A Guardian and a Thief, by Megha Majumdar
Majumdar sets her story in a near future time when climate change is creating chaos in flooding coastal areas of the world, leading to a United States program of granting climate change visas to carefully vetted immigrants. Terrorism is still a grave concern, so the U.S. is extremely careful about who may enter the country, in spite of their desperation. The story is set in Kolkata, India. Kolkata sits on the Hooghly River, on reclaimed wetlands near the Bay of Bengal, about 47 miles west of the border with Bangladesh. In this near future time, water levels are rising, extensively flooding rural and urban areas where the poor live, and increasingly, the middle class as well. We see examples of social breakdown, home invasions, theft, scams, and the police turn a blind eye to most all but the most violent of crimes. The survivability of these conditions is increasingly precarious, with only the wealthiest able to avoid the consequences, while everyone else is at the mercy of immigration policies, their wits, sheer luck, and as distress grows, violence.
We meet two families, of different social and economic position. Ma, mother of two-year old daughter Mishti, and Ma’s aged father, Dadu, are one week away from escaping this disintegrating situation, waiting for their climate visas and flight to Ann Arbor, Michigan, to rejoin Ma’s husband. He is in an academic position, has established a home for the family, ahead of their arrival. This family is obviously middle class, well-educated, their home with air conditioning, reliable power, modern conveniences, clean water. Kolkata is a city of great opposites— a cultural and academic jewel of India, it also has great poverty, with a third of the population living as squatters, no utilities, makeshift homes from scraps. Ma’s home is showing signs of degradation, from the bars on the windows, to the remnants of a former garden, picked clean by the desperately hungry. In this time of increased heat, the native fish are gone, and native crops are burned by heat and flooded by the bay. Mishti doesn’t understand how Ma and Dadu are scrambling to provide food, going without to make sure Mishti is fed, and won’t remember this time of deprivation.
Boomba, a young man who came to Kolkata seeking to make money and relocate his family to a real and secure home, to escape their precariously poor rural life. Living in a shanty, his parents try to make enough money to survive, his younger brother Robi, of similar age to Mishti, growing up with very little, the family barely surviving. They are on the leading edge of the impacts of climate change, with no hope or knowledge of how to adapt or improve their circumstances. Boomba is determined to give his family security, but his naivety leads to some progress, followed by major setbacks. He is not much better in Kolkata than they are in the countryside.
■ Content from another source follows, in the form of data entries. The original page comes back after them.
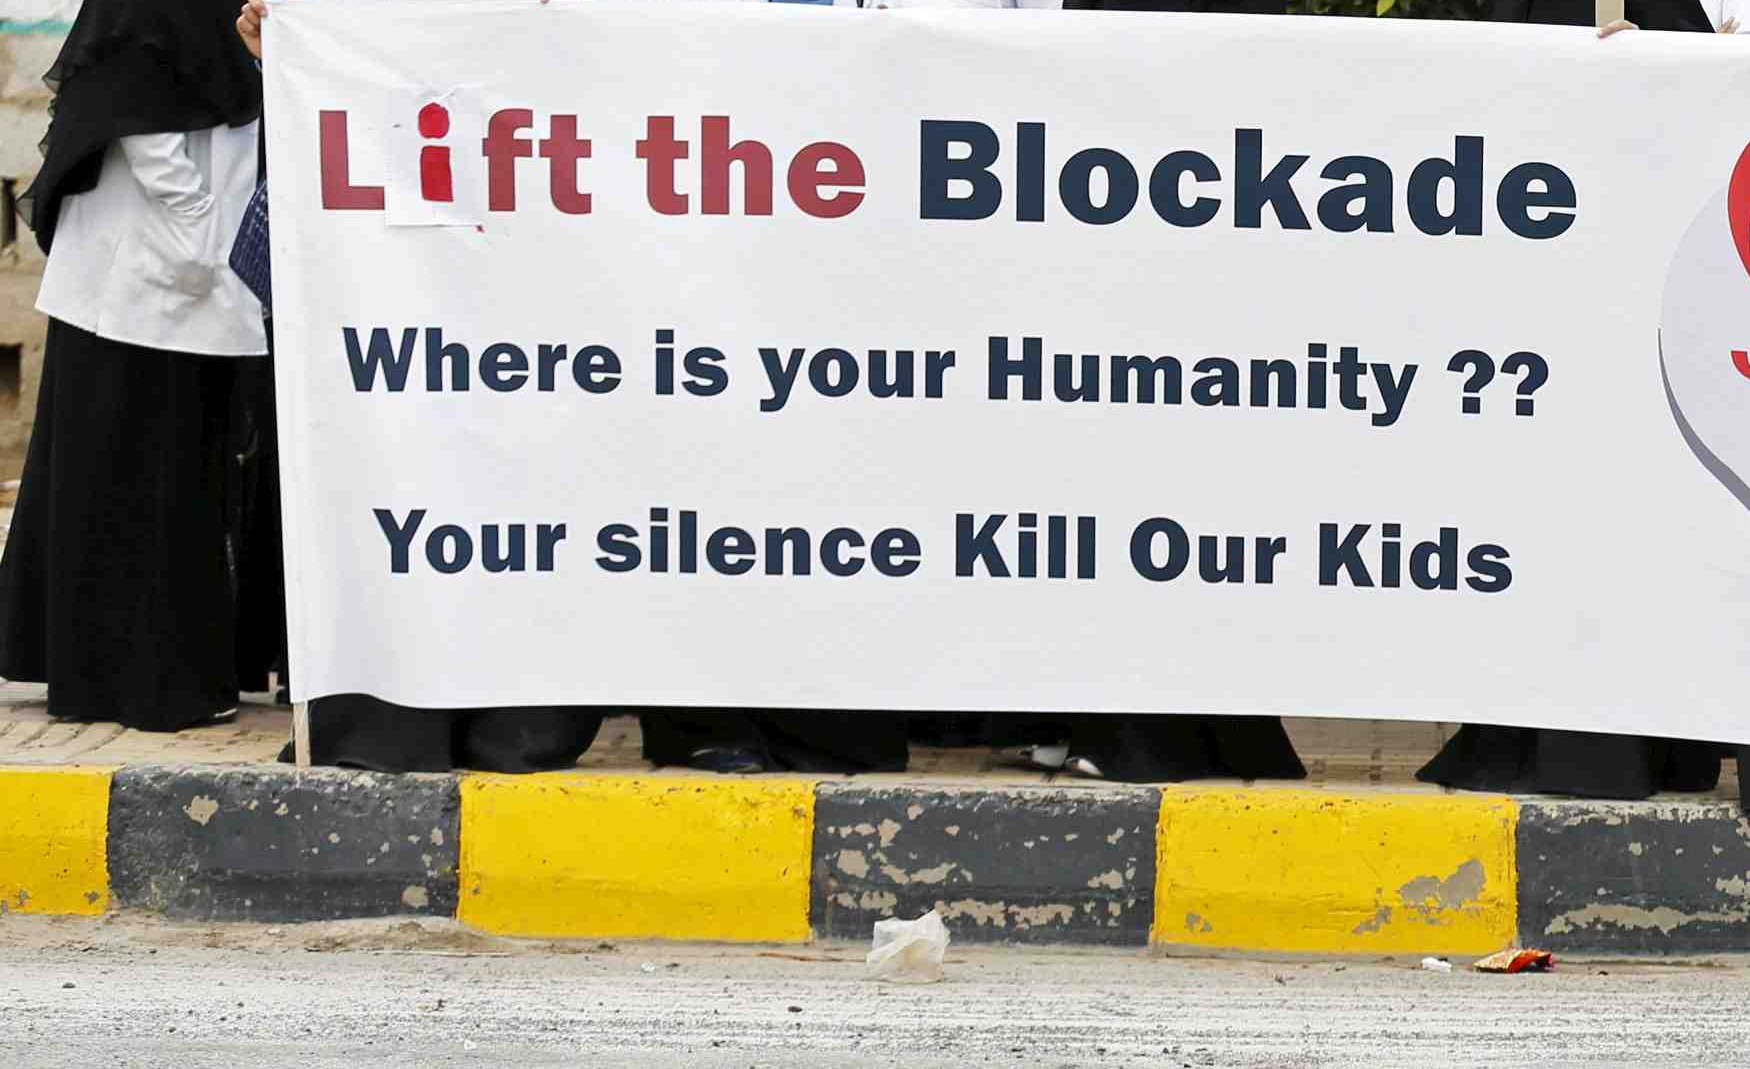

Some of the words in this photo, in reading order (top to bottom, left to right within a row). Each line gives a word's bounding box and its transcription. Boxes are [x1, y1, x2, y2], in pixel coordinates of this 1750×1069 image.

[319, 105, 592, 214] Lift
[635, 115, 866, 219] the
[919, 119, 1577, 240] Blockade
[341, 326, 622, 395] Where
[655, 329, 729, 397] is
[757, 347, 956, 413] your
[987, 335, 1419, 428] Humanity
[1446, 349, 1549, 417] ??
[372, 508, 567, 575] Your
[594, 506, 922, 578] silence
[955, 512, 1097, 580] Kill
[1129, 516, 1287, 585] Our
[1318, 522, 1513, 594] Kids
His determination hasn’t wavered, and if he cannot obtain security through employment, he will do so by theft.
With the pressure of the ticking clock, one week until the wealthier family’s flight, circumstances intervene repeatedly, with each family fighting for survival and security. We see them go from negotiation and a battle of the wits, until the final violent breakdown of social order. For the reckless pursuit of survival and security are the great levelers, the equalizers. What we choose to do in the face of desperation, finally doesn’t care about educational background or social status. The author weaves characters’ backgrounds, as well as the city’s history, into the story with subtle hints and brief moments. She creates a page turning pace, as we read to find out who escapes, and who survives.
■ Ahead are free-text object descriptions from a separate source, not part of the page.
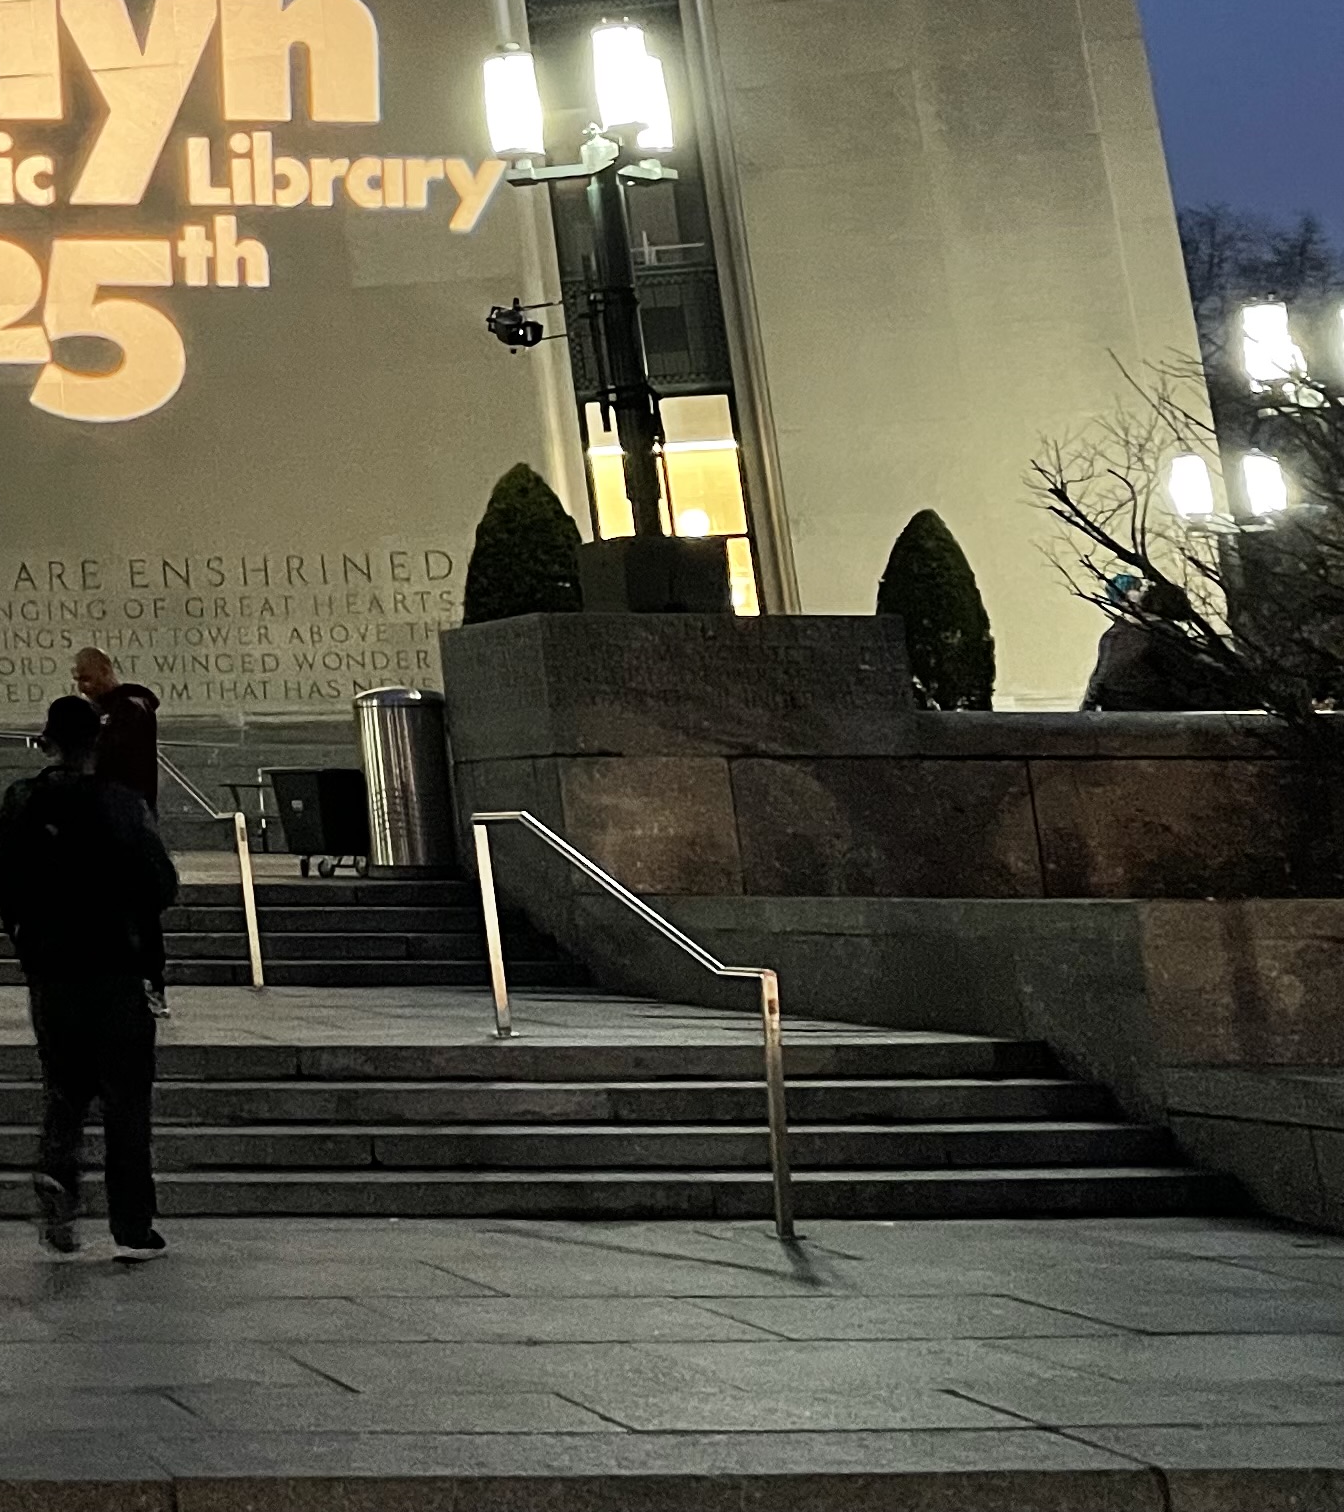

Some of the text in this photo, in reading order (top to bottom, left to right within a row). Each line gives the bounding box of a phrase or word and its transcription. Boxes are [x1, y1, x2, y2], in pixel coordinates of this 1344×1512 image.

[187, 132, 508, 233] Library
[13, 558, 103, 592] ARE
[127, 549, 454, 589] ENSHRINED
[122, 596, 167, 620] OF
[184, 593, 295, 619] GREAT
[312, 589, 455, 617] HEARTS
[91, 625, 158, 648] THAT
[170, 624, 273, 647] TOWER
[288, 622, 388, 648] ABOVE
[112, 654, 141, 674] AT
[153, 652, 281, 674] WINGED
[292, 649, 431, 673] WONDER
[199, 679, 269, 701] THAT
[282, 678, 343, 700] HAS
While I am not convinced of the Al Gore version of climate change and its causes (I think there is a more complex set of circumstances at play, some man-made, some cyclical), there are obviously major changes occurring in highly populated areas of the world, that are likely to lead to chaos as populations become frenzied and distressed. This novel depicts one such scenario, the author using skillful plotting, prose, and character development to create this morality play. Recommended, good for book discussions.